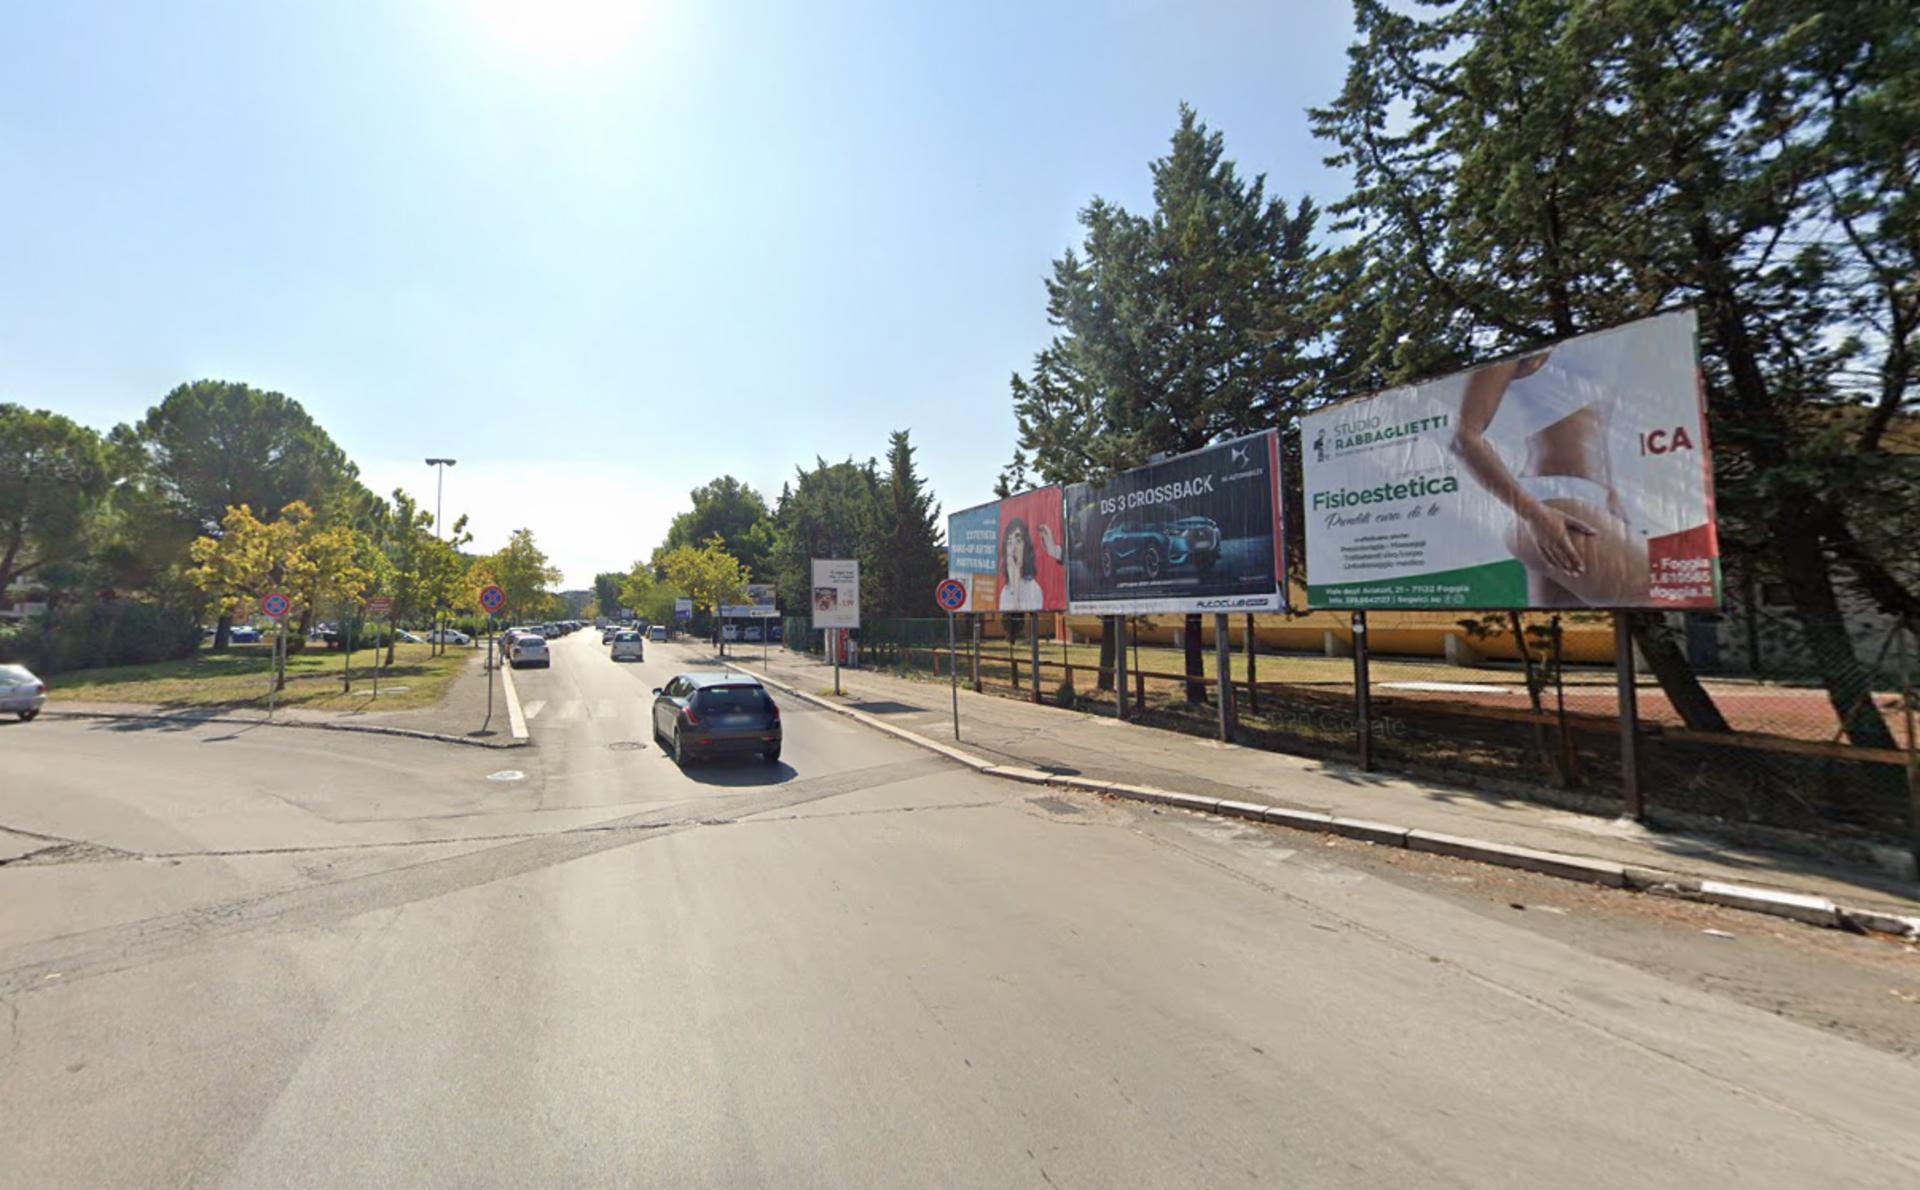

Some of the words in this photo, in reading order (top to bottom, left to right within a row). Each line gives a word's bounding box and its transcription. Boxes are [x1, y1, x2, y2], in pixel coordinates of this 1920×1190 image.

[1334, 416, 1380, 438] STUDIO
[1335, 414, 1449, 450] RABBAGLIETTI
[1100, 498, 1116, 515] DS
[1118, 495, 1126, 511] 3
[1128, 474, 1214, 508] CROSSBACK
[1313, 475, 1458, 511] Fisioestetica
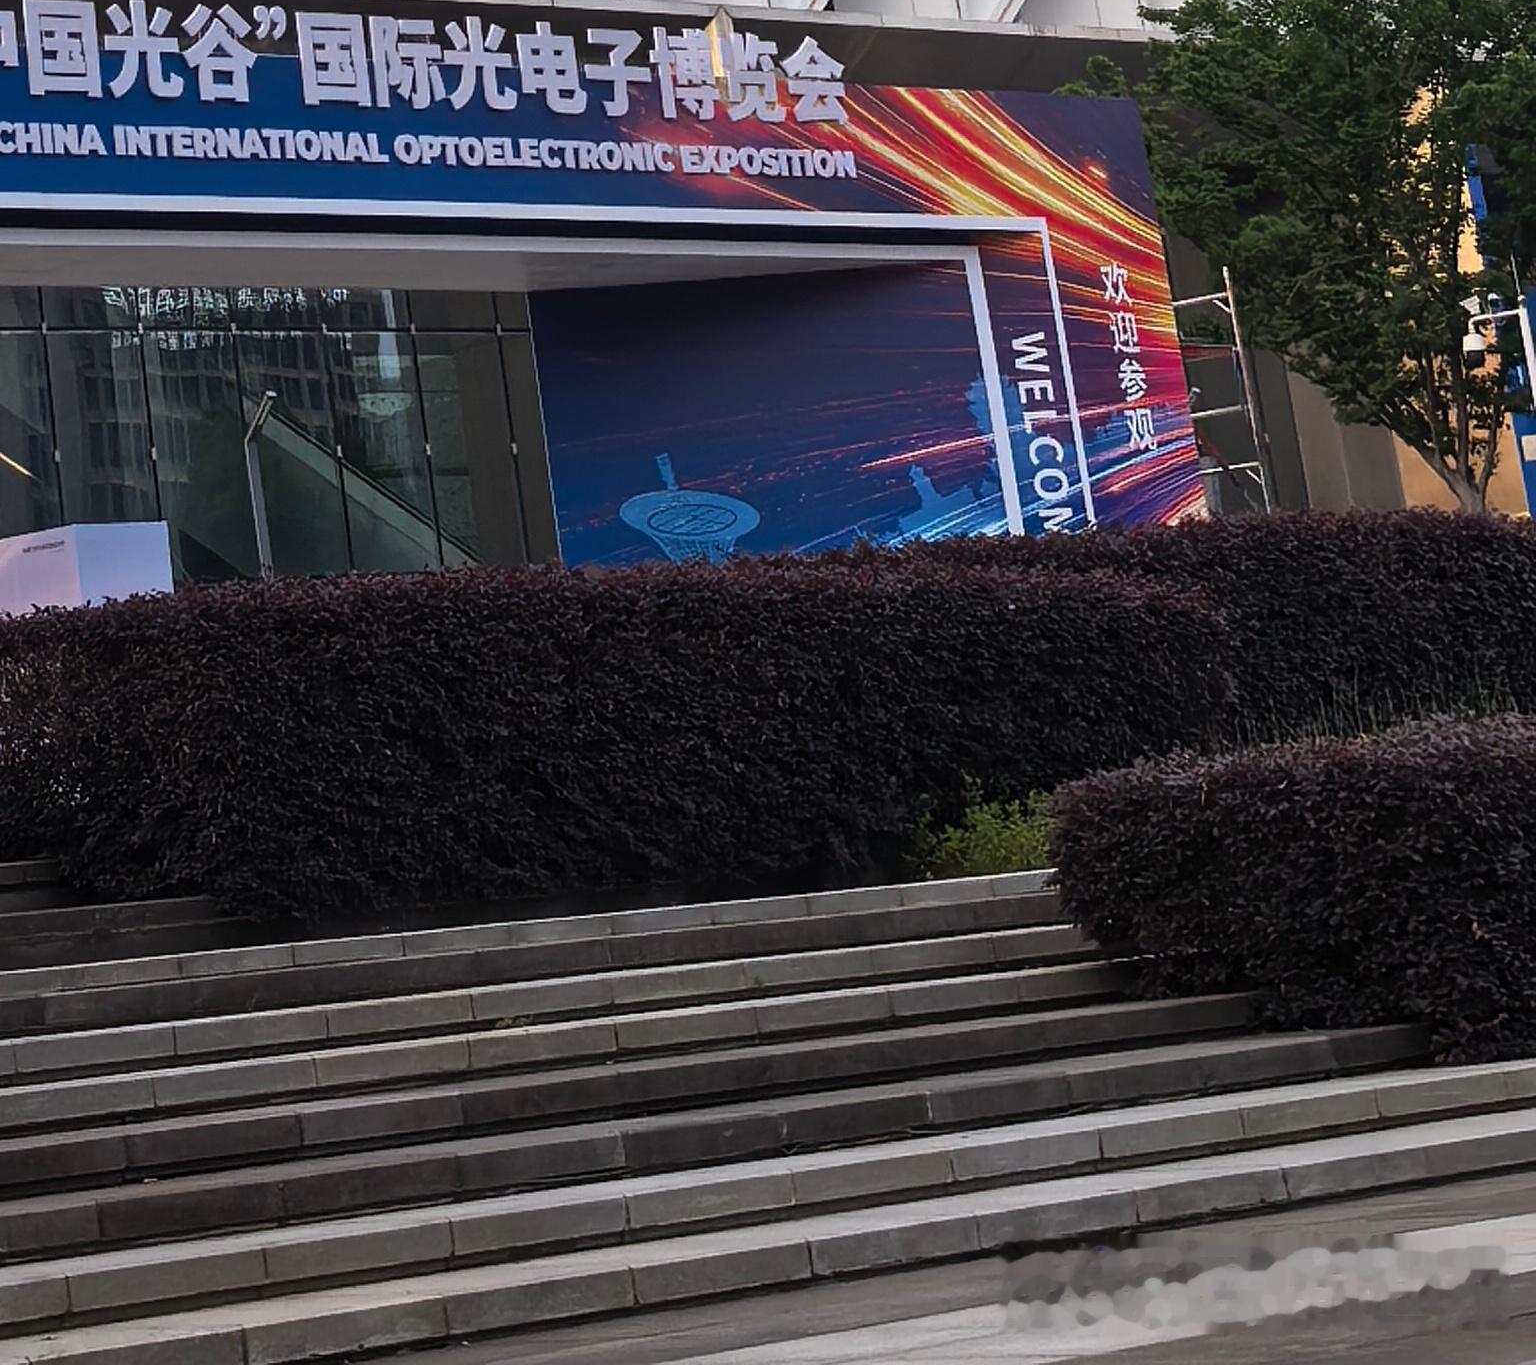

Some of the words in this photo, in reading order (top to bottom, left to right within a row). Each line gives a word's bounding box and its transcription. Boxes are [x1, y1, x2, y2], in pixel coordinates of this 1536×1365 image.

[113, 124, 390, 164] INTERNATIONAL
[394, 134, 674, 173] OPTOELECTRONIC
[680, 145, 857, 178] EXPOSITION
[1100, 261, 1158, 450] 欢迎参观

+++++

Exercise instructions
What comes back should match the records exactly, minus any pictures.

Output
Some of the words in this photo, in reading order (top to bottom, left to right within a row). Each line gives a word's bounding box and its transcription. Boxes are [x1, y1, x2, y2], in pixel coordinates of this 1920×1190 image.

[1334, 416, 1380, 438] STUDIO
[1335, 414, 1449, 450] RABBAGLIETTI
[1100, 498, 1116, 515] DS
[1118, 495, 1126, 511] 3
[1128, 474, 1214, 508] CROSSBACK
[1313, 475, 1458, 511] Fisioestetica

Some of the words in this photo, in reading order (top to bottom, left to right within a row). Each line gives a word's bounding box and its transcription. Boxes are [x1, y1, x2, y2], in pixel coordinates of this 1536×1365 image.

[113, 124, 390, 164] INTERNATIONAL
[394, 134, 674, 173] OPTOELECTRONIC
[680, 145, 857, 178] EXPOSITION
[1100, 261, 1158, 450] 欢迎参观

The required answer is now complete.